LAUNCH ETA: 2026 May

Cheap Local, Expensive Global Correctness

9 min read

The most dangerous AI-generated code is not obviously wrong. It compiles. It uses the right library. It follows the local pattern. It may even pass the nearby unit tests. The problem is that it can still be wrong at different levels, especially those that require assumptions. The system boundary, the retry path, the ordering guarantee, the source of truth, the state transition, or the invariant nobody wrote down.

That is the real shift LLMs create for engineering organizations. They do not remove the need for engineering judgment. They make judgment the bottleneck.

Before LLMs, execution was expensive enough to act as a brake. Writing code took time. Exploring five variants took time. Adding an abstraction took time. Building a new integration took time. That cost was not inherently good, but it created a pause in which someone usually had to think: Does this belong here? What does this depend on? What happens if it runs twice? What if messages arrive out of order? What owns this state?

LLMs reduce that pause. They make it easy to produce code that is locally plausible before anyone has re-derived the system-level constraints that make the code correct.

Our failure mode is discipline erosion.

From derivation to plausibility checking

A subtle review downgrade happens when AI enters the loop. The old standard, at least in good systems work, was:

Is this globally correct under the relevant interleavings, failures, and ownership boundaries?

The new default can become:

Does this look locally reasonable?

A small enough shift to go unnoticed but large enough to rot a system. An LLM can correctly tell you that an upsert is idempotent. Locally, that may be true. But the system question is different. Is the operation commutative with other writes? Does it preserve ordering? Does it interact correctly with snapshot reads?
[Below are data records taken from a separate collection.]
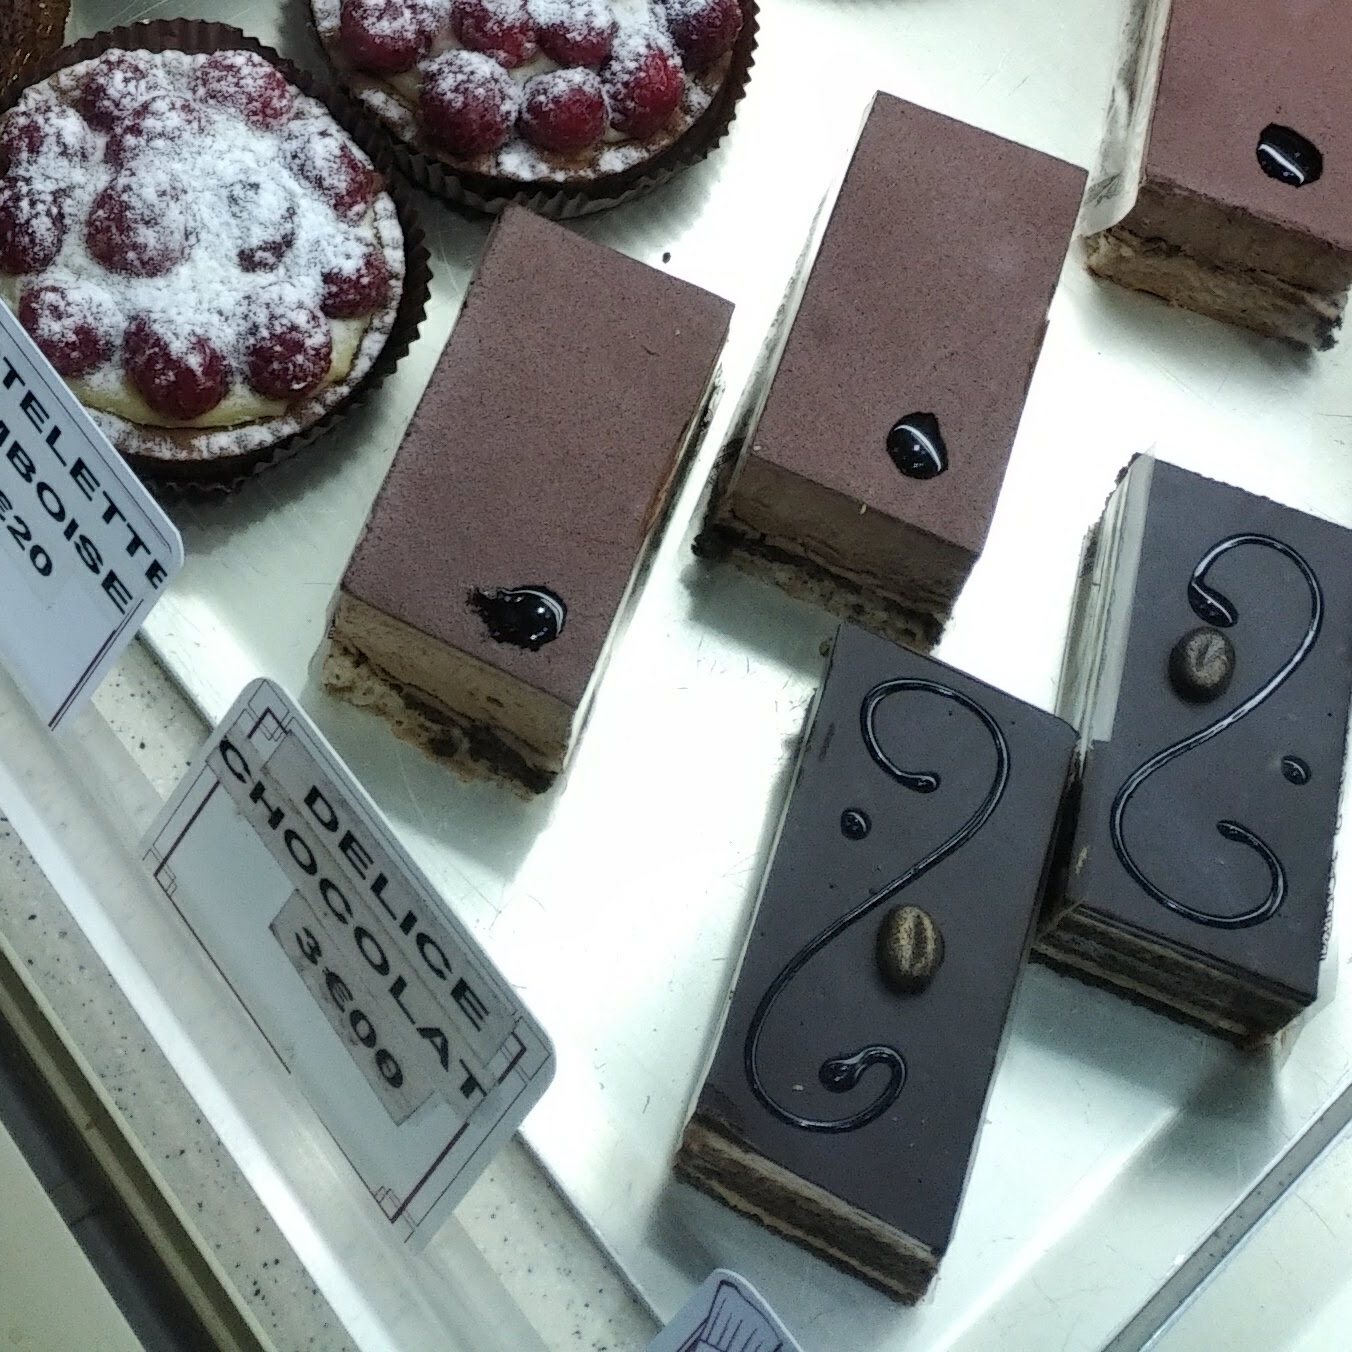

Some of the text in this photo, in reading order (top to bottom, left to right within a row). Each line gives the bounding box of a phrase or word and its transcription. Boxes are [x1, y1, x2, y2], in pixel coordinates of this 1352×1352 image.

[219, 736, 487, 1100] CHOCOLAT
[294, 925, 404, 1089] 3€00
[303, 784, 491, 1033] DELICE
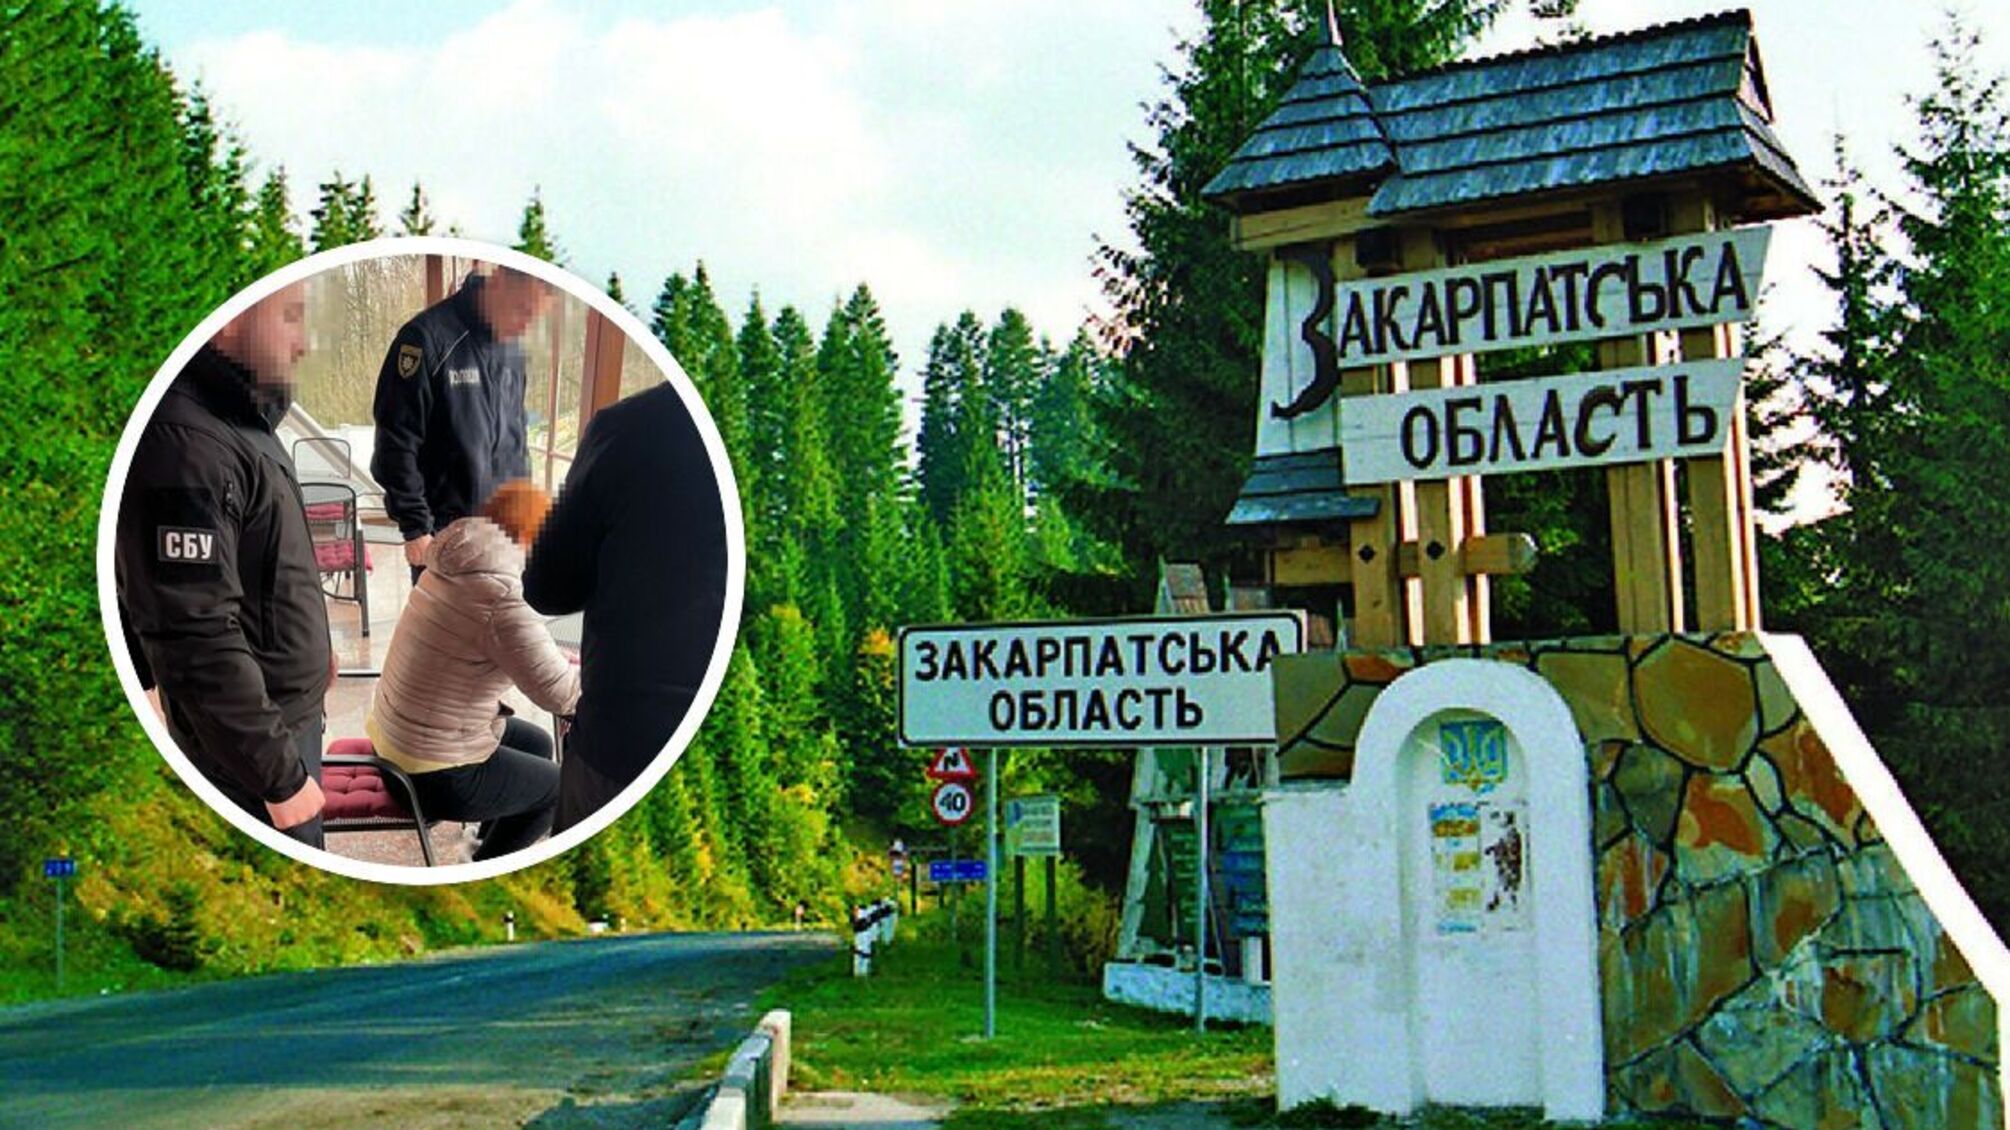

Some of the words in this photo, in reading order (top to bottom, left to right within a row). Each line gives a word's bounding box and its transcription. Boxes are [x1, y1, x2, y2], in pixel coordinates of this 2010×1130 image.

[1271, 241, 1750, 420] ЗАКАРПАТСЬКА
[1402, 375, 1718, 470] ОБЛАСТЬ
[166, 532, 212, 559] СБУ
[915, 630, 1279, 681] ЗАКАРПАТСЬКА
[989, 688, 1204, 731] ОБЛАСТЬ
[939, 792, 966, 812] 40
Does retrying it after a timeout create a second externally visible effect? Does it collapse distinct business events into one state? Does the downstream consumer rely on seeing every transition, not just the final row?

Those are invariant questions. AI is good at generating the local implementation shape. It is much weaker at knowing which unstated invariants matter unless the surrounding system has made those invariants explicit. The model can autocomplete code; it cannot reliably infer organizational lore, incident history, implicit ownership, or the business meaning of state transitions buried across services.

That means the scarce resource moves. The bottleneck is no longer typing, scaffolding, or even first-pass implementation. The bottleneck is integration: deciding whether a plausible change is actually correct inside a living system.

Cognitive surrender, but for code review

Shaw and Nave describe a related phenomenon as cognitive surrender. The moment AI is no longer just assisting thought but replacing it, with the person adopting the output as their own judgment.1 In their framing, AI becomes a third cognitive path: not fast intuition, not slow deliberation, but external automated reasoning that can bypass both.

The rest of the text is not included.